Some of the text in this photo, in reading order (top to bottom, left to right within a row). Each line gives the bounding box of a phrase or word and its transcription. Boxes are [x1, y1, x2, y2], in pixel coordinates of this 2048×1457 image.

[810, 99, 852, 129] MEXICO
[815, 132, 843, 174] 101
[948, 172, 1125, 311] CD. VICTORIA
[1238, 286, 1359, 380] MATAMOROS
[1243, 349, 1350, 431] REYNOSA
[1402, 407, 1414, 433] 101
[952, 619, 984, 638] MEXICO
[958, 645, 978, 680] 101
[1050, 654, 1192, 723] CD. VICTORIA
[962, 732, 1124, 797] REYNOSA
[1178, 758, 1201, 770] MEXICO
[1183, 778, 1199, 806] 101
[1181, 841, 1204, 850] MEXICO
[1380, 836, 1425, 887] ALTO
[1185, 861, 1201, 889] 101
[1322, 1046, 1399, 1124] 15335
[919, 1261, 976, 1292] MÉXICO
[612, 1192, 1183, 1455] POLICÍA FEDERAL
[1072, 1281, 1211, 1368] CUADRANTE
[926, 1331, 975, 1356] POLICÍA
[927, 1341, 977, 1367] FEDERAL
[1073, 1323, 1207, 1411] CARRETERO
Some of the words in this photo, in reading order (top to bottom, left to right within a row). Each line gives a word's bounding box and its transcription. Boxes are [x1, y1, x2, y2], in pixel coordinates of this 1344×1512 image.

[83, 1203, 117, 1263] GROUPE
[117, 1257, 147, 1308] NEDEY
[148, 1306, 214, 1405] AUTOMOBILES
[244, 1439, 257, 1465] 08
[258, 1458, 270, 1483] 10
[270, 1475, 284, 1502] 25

[What you will do]
An exact copy of the listing above is all the answer should hold.

[Output]
Some of the text in this photo, in reading order (top to bottom, left to right within a row). Each line gives the bounding box of a phrase or word and its transcription. Boxes are [x1, y1, x2, y2], in pixel coordinates of this 2048×1457 image.

[810, 99, 852, 129] MEXICO
[815, 132, 843, 174] 101
[948, 172, 1125, 311] CD. VICTORIA
[1238, 286, 1359, 380] MATAMOROS
[1243, 349, 1350, 431] REYNOSA
[1402, 407, 1414, 433] 101
[952, 619, 984, 638] MEXICO
[958, 645, 978, 680] 101
[1050, 654, 1192, 723] CD. VICTORIA
[962, 732, 1124, 797] REYNOSA
[1178, 758, 1201, 770] MEXICO
[1183, 778, 1199, 806] 101
[1181, 841, 1204, 850] MEXICO
[1380, 836, 1425, 887] ALTO
[1185, 861, 1201, 889] 101
[1322, 1046, 1399, 1124] 15335
[919, 1261, 976, 1292] MÉXICO
[612, 1192, 1183, 1455] POLICÍA FEDERAL
[1072, 1281, 1211, 1368] CUADRANTE
[926, 1331, 975, 1356] POLICÍA
[927, 1341, 977, 1367] FEDERAL
[1073, 1323, 1207, 1411] CARRETERO
Some of the words in this photo, in reading order (top to bottom, left to right within a row). Each line gives a word's bounding box and its transcription. Boxes are [x1, y1, x2, y2], in pixel coordinates of this 1344×1512 image.

[83, 1203, 117, 1263] GROUPE
[117, 1257, 147, 1308] NEDEY
[148, 1306, 214, 1405] AUTOMOBILES
[244, 1439, 257, 1465] 08
[258, 1458, 270, 1483] 10
[270, 1475, 284, 1502] 25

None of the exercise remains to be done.